On the other hand, a contributor writing in the same month, from Northfield in the first-named State of Vermont, to the Boston Transcript, a purely American paper, says: "The Irish, formerly seen only as hired labourers, building our railways and cities, are found in this region in the possession of farms. Several, I was told, have become owners of farms in the town (sic), which they manage very well. In our school district their children composed the majority of the scholars, and the teacher said they were the more bright and better behaved portion of the school. In a small adjoining town the Irish compose the majority of the population. This brings forward the indomitable all-pervading race under a new aspect. Are they to own and till our soil as well as build our works of improvement?"

Two great facts, therefore, remain constant: the Irish element in America is largely recruited every year from the flower of the population in Ireland, and it is productive beyond the descendants of the former settlers called "natives" There is no need to point out that, under such circumstances, the Hesperidian visions of the Celts of Ancient Erinn are in a fair way of becoming realities, and that North America may have reason soon to recognize a true prophecy in that name, which the Norse Sagas gave it, of "Great Ireland."

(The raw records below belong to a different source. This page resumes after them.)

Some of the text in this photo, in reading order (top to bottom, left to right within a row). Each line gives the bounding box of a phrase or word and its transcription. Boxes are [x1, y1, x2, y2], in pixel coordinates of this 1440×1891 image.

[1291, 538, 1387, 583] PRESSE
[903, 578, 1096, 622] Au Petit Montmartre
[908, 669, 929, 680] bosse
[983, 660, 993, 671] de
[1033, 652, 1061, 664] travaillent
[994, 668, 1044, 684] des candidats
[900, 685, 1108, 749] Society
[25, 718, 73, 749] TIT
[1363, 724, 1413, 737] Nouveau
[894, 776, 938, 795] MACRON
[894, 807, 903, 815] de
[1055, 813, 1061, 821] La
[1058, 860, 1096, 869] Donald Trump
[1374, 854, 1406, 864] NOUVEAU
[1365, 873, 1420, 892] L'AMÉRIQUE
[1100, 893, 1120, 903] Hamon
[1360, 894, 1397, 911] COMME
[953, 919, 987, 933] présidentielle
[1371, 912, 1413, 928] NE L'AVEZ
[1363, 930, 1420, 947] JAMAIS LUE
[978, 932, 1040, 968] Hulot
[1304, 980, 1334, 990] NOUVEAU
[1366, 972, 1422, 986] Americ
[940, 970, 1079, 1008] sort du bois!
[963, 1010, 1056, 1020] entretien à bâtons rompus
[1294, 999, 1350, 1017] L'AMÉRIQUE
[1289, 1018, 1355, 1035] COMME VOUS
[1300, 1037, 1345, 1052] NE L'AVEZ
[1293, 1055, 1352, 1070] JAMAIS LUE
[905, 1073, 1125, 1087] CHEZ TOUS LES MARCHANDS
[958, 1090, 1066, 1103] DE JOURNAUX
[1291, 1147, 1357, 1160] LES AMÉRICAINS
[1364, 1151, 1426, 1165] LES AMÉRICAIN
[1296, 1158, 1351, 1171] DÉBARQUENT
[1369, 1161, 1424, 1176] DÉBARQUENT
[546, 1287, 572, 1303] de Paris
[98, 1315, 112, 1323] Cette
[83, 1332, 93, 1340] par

* Infanticide exists in England to a deplorable extent, as shown by Dr. Lankester. Certain establishments in London have also been mentioned in medical reports, where obstetric operations are said to take place in a suspiciously short space of time. But the canker of foeticide does not appear to have spread its taint as in parts of the United States, and no paper dare publish columns of such advertisements. Occasionally a low paper may insert some such quack notice, but even there it is put away in an obscure corner. The laws which consigned to the flames some tons of obscene works, in London, have no doubt had great influence in preventing flagrant solicitation to the crime.